The model's "training/optimization", as characterized by the outer loss, is not what determines the inner optimizer's cognition.
Likewise, the heuristics/"adaptations" that coalesced to form the optimizer would have been oriented towards answering the questions.
...why? (The model's "training/optimization", as characterized by the outer loss, is not what determines the inner optimizer's cognition.)
All this points to mask-level goals and does not provide a reason to believe in non-mask goals, and so a "goal slot" remains more parsimonious than an actor with a different underlying goal.

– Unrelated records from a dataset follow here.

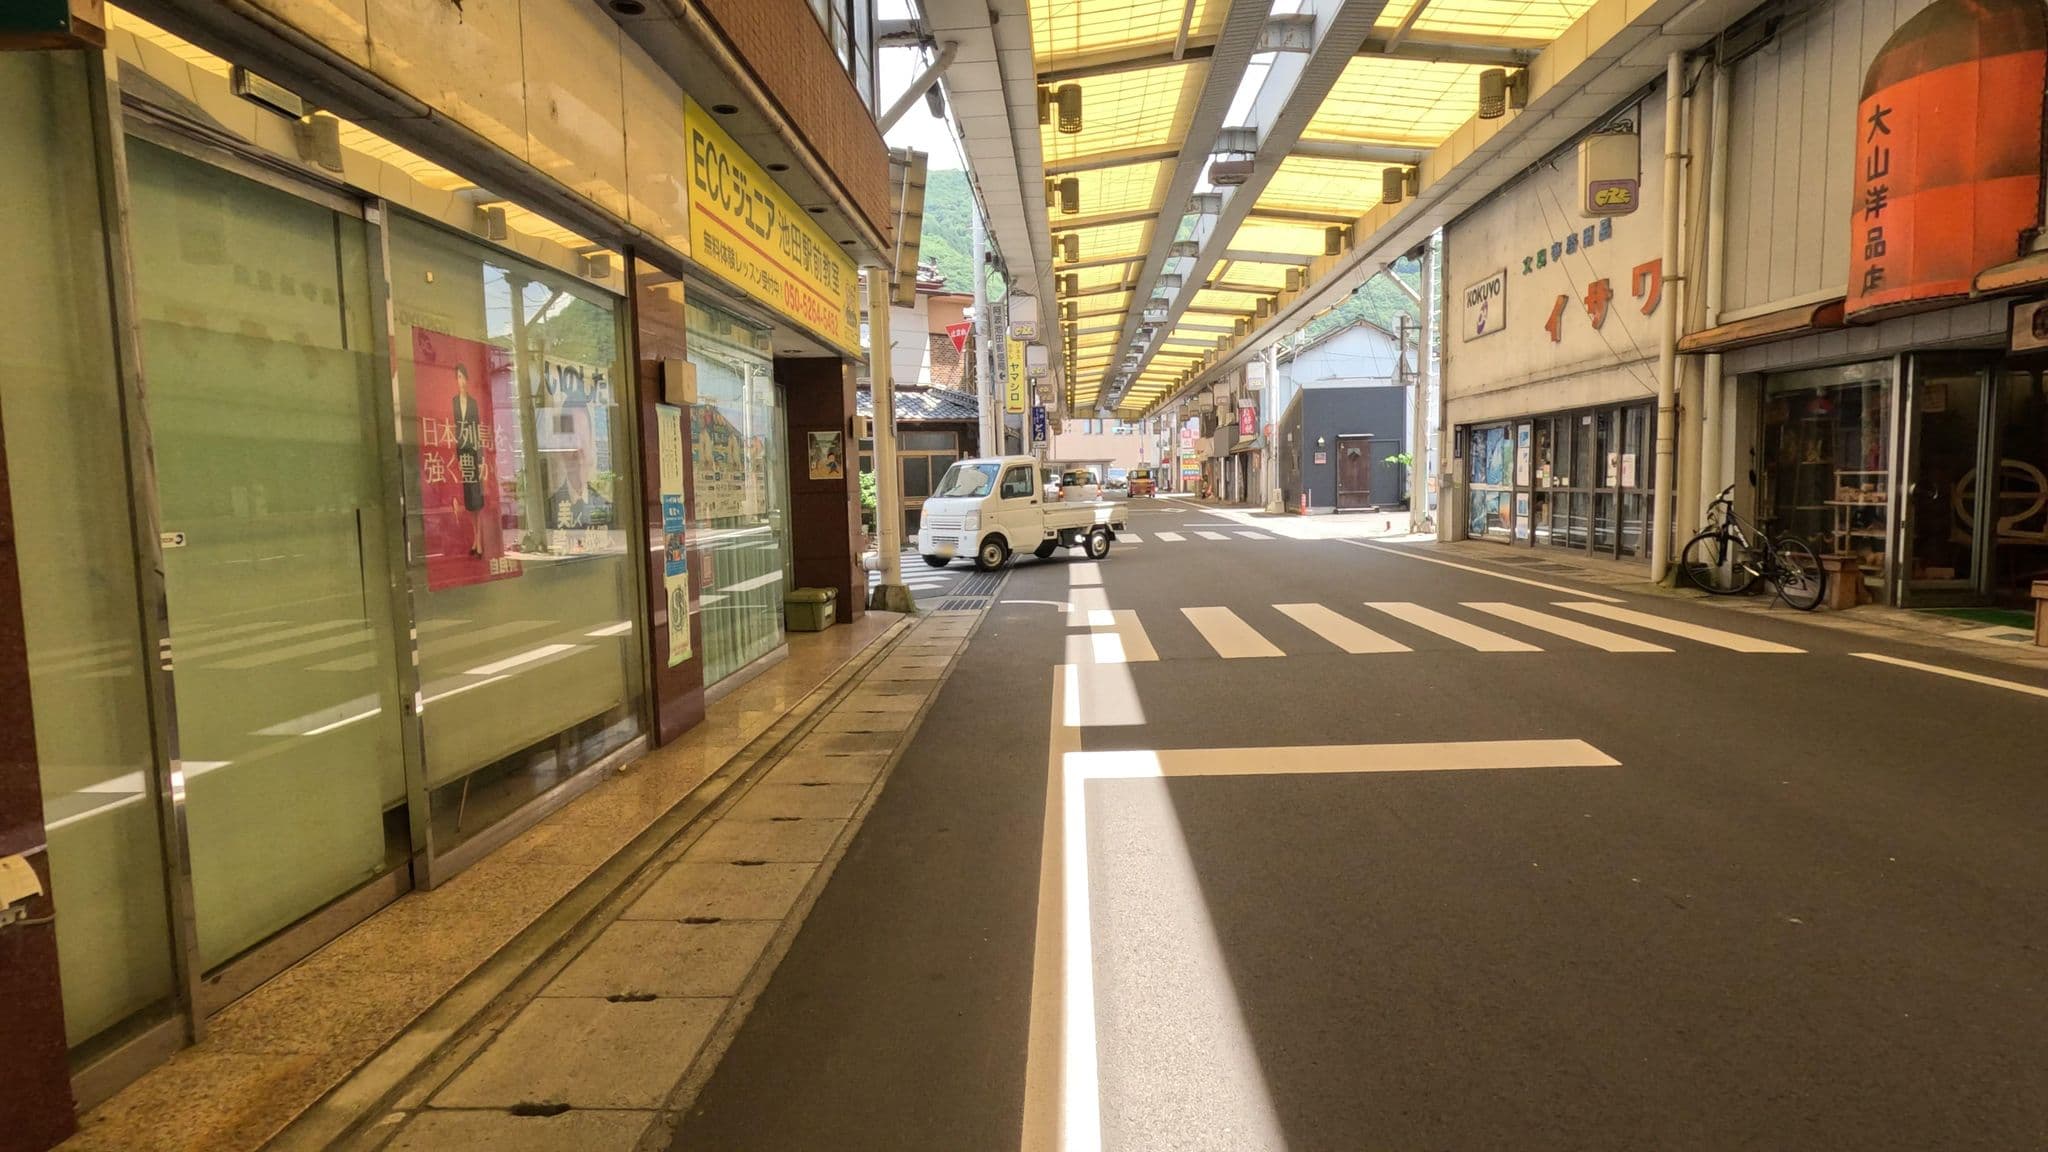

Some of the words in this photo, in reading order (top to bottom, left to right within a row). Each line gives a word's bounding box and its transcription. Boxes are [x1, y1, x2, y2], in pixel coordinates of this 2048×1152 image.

[1860, 104, 1893, 298] 大山洋品店
[777, 208, 841, 296] 池田駅前教室
[1466, 278, 1502, 309] KOKUYO
[1544, 258, 1663, 344] イサワ
[1008, 362, 1021, 402] ヤマシロ

I still don't understand your "mask" analogy, and currently suspect it of mostly being a red herring (this is what I was referring to when I said I think we're not talking about the same thing). Could you rephrase your point without making mention to "masks" (or any synonyms), and describe more concretely what you're imagining here, and how it leads to a (nonfake) "goal slot"?
(Where is a human actor's "goal slot"? Can I tell an actor to play the role of Adolf Hitler, and thereby turn him into Hitler?)

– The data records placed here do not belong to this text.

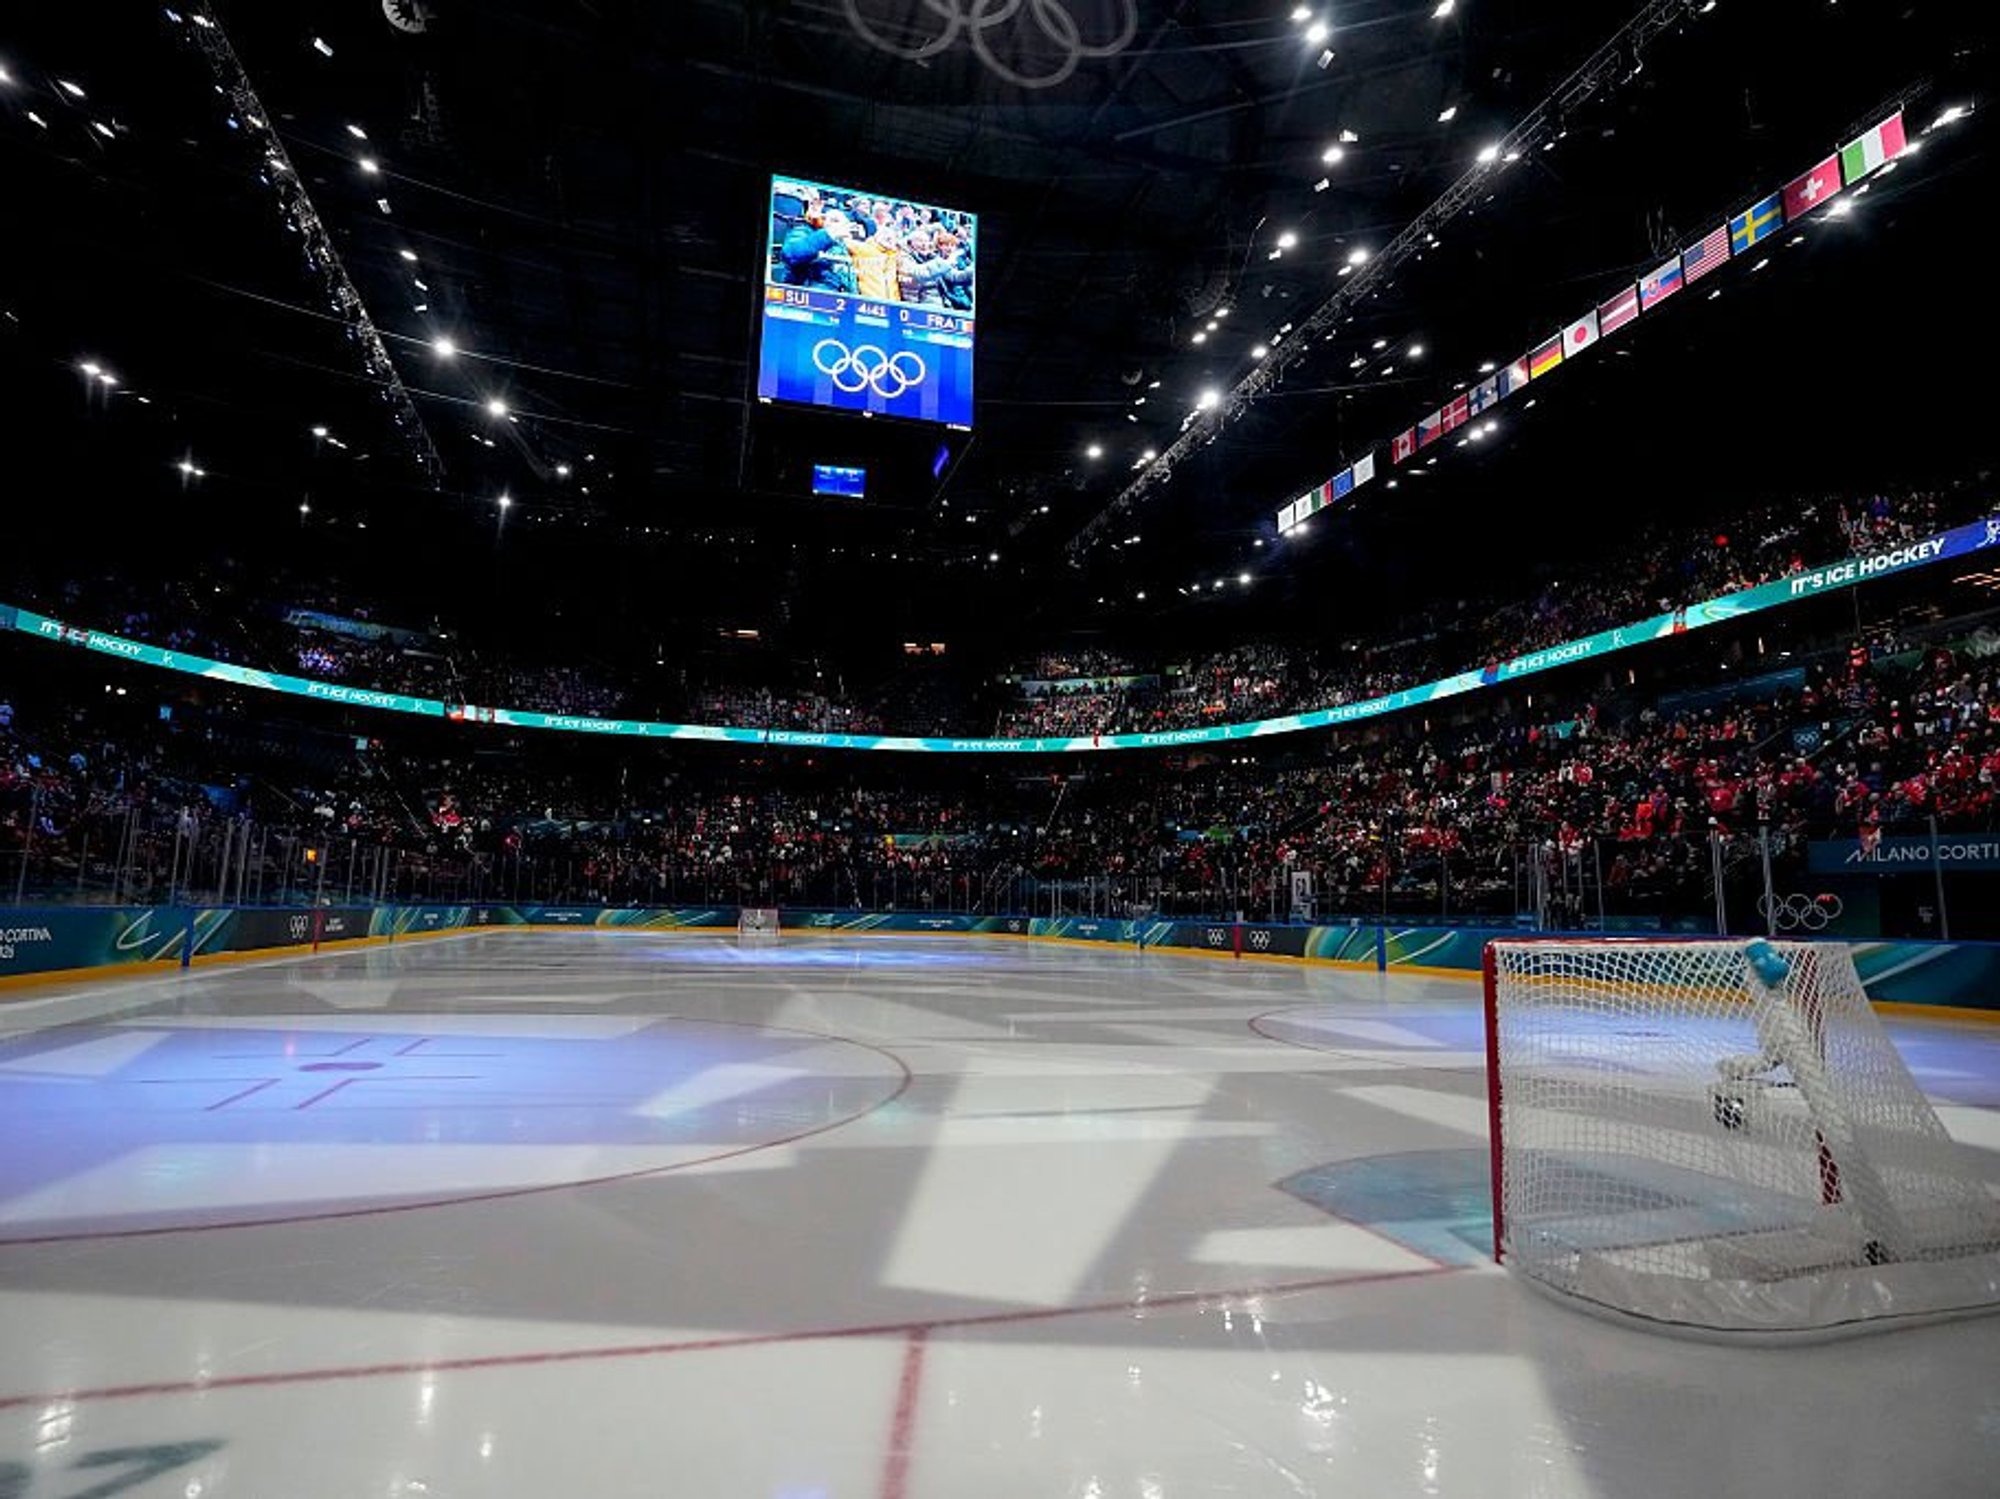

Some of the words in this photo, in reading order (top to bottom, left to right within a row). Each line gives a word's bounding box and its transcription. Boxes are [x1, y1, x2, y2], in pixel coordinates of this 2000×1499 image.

[785, 290, 809, 306] SUI
[835, 298, 846, 311] 2
[899, 309, 909, 322] 0
[926, 314, 955, 330] FRA
[1791, 574, 1825, 595] IT'S
[1826, 564, 1856, 585] ICE
[1859, 537, 1946, 576] HOCKEY
[1547, 641, 1593, 663] HOCKEY
[1844, 843, 1930, 864] MILANO

Regarding the evolutionary analogy, while I'd generally be skeptical about applying evolutionary analogies to LLMs, because they are very different, in this case I think it does apply, just not the way you think. I would analogize evolution -> training and human behaviour/goals -> the mask.
I think "the mask" doesn't make sense as a completion to that analogy, unless you replace "human behaviour/goals" with something much more specific, like "acting". Humans certainly are capable of acting out roles, but that's not what their inner cognition actually does! (And neither will it be what the inner optimizer does, unless the LLM in question is weak enough to not have one of those.)

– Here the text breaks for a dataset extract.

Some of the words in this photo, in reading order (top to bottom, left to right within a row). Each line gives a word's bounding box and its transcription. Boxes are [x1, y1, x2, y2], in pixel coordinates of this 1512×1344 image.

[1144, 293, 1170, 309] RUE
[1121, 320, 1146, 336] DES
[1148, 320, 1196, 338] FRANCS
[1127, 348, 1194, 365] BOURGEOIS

I really think you're still imagining here that the outer loss function is somehow constraining the model's inner cognition (which is why you keep making arguments that seem premised on the idea that e.g. if the outer loss says to predict the next token, then the model ends up putting on "masks" and playing out personas)—but I'm not talking about the "mask", I'm talking about the actor, and the fact that you keep bringing up the "mask" is really confusing to me, since it (in my view) forces an awkward analogy that doesn't capture what I'm pointing at.
Actually, having written that out just now, I think I want to revisit this point:
Likewise, the heuristics/"adaptations" that coalesced to form the optimizer would have been oriented towards answering the questions.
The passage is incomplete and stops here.